The festival proceeded in a clockwise circle around the island as the image of Lono was carried by the konohiki. Lono is the fertility akua who causes things to grow and who gave plenty and prosperity to the people. Lono was the akua of peace, rain, culture, hospitality, love and agriculture. He was also the patron of the oppressed and of those seeking refuge.
There are some hidden images in the first phase. Can you find the large “mo`o,” “lizard,” on the mountain? The mo’o is a very important figure, it was the form that the goddess of Moku`ula took, the goddess of the mountain. Do you see the breaching whales?
The shark is considered a sacred animal because it is one of the forms that the `aumakua took. Where is “shark man”? Can you find him? It is a man with a shark tattoo, who would take the form of a shark when in the ocean.

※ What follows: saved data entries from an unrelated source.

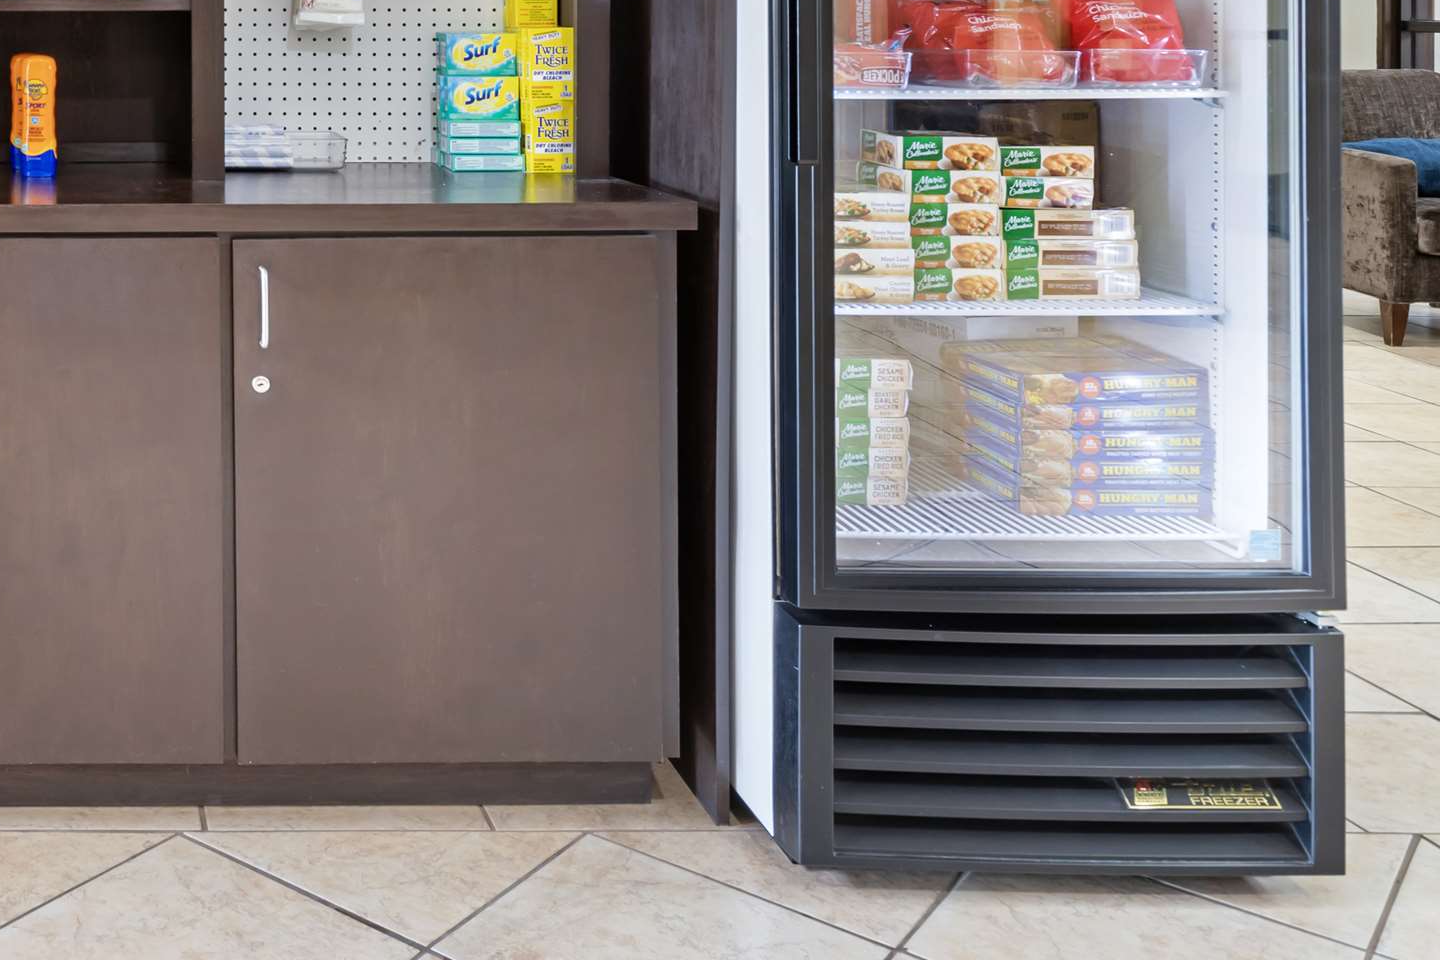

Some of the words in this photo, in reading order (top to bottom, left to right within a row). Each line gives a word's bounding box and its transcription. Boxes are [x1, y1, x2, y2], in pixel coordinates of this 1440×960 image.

[463, 36, 501, 61] Surf
[534, 43, 569, 55] TWICE
[535, 54, 569, 67] FRESH
[464, 80, 504, 105] Surf
[536, 116, 569, 127] TWICE
[537, 127, 570, 140] FRESH
[1189, 796, 1269, 806] FREEZER

“Phase two,” was after the offerings were collected, was a time of celebration. Among the celebration were hula dancing, chanting, and feasting. The akua of hula is the goddess Laka, sister to Pele. Under her guidance many chants and dances were composed specifically for Makahiki. The beautiful Palipalai fern is behind the hula dancers.
Sliding of sleds on lava rocks, (one of the best-preserved lava sled courses is the Keauhou Holua National Historic Landmark). Who do you see riding the sleds down the lava rocks? One is Kamapua’a, the pig god. The goddess, Pele is in the middle and beside her is a mortal man.
Chiefs and commoners competed, as well as people that were highly trained like athletes. The Warriors took part in sports to stay fit for when warfare resumed. Both men and women participated in the competitions. Some of the sports they participated is were: boxing, wrestling, javelin marksmanship, bowling, surfing, canoe races, relays, and swimming. Do you see Queen Ka`ahumanu surfing? Do you see the flying fish, dolphin, turtle and the monk seal?
Can you find the following games people are playing? “Puhenehene,” a guessing game with pebbles, wrestling, and hula dancing. “Konane” is a form of Hawaiian checkers. “Ulu Maika” is Hawaiian lawn bowling. “Moa Pahe’e” is dart sliding. “Uma” is arm wrestling. “Hukihuki” is Hawaiian tug of war. The mural shows scenes of many of these games. It also shows a multitude of people at the very top of the mural along with the several other deities.
Some of the contests were used not only to keep the warriors fit but also to train the many common folks who might later need to be called into battle. The games helped to develop skills and quick thinking.
By the waterfall scene, can you find the happy face spider, which is called “nananana makakiʻi”? This spider is endemic to Hawai`i and found nowhere else in the world. Can you find the “pueo,” “owl”? Look carefully, it is a little hidden. One of the challenges was diving off a very high cliff by the waterfall. Do you see the birds in the lower part of the waterfall scene? Can you name them?
All of the tattoos you see on people are authentic tattoo designs. Each one has a story. Why do the women have tattoos on the inside of their legs?
“Phase three” was the “wa`a `auhau,” “canoe.” Once the proper rituals and ceremonies were performed, the chief lifted the kapu on fishing, farming and war. Then a canoe was loaded with ho`okupu and taken out to sea and set adrift. This was a gift to Lono. This scene is on the far upper right-hand corner of the mural. Once the ceremonies were completed, normal life resumed and the farming cycle began again.
“Always be humble and appreciate things that come your way,” said Kammy Kaiwi.
A mural blessing and pupu were provided by Lui Hokoana, Chancellor of UHMC on October 16, 2007. The blessing was given by Roy Newton. This ceremony was to honor the artists who painted the Makahiki Mural. The artists were: Kammy Kaiwi, Michael Takemoto, Mark Olopino, Cris Chong, Mauro Castillo Jr, Malorie Arisumi, James Kahalekai Jr and Kapu Purdy.
December 13, at 4:00 p.m. on the south lawn, behind the Ka`a`ike building, there will be a public blessing for the Makihiki Mural, pupu will follow. Everyone is invited to attend.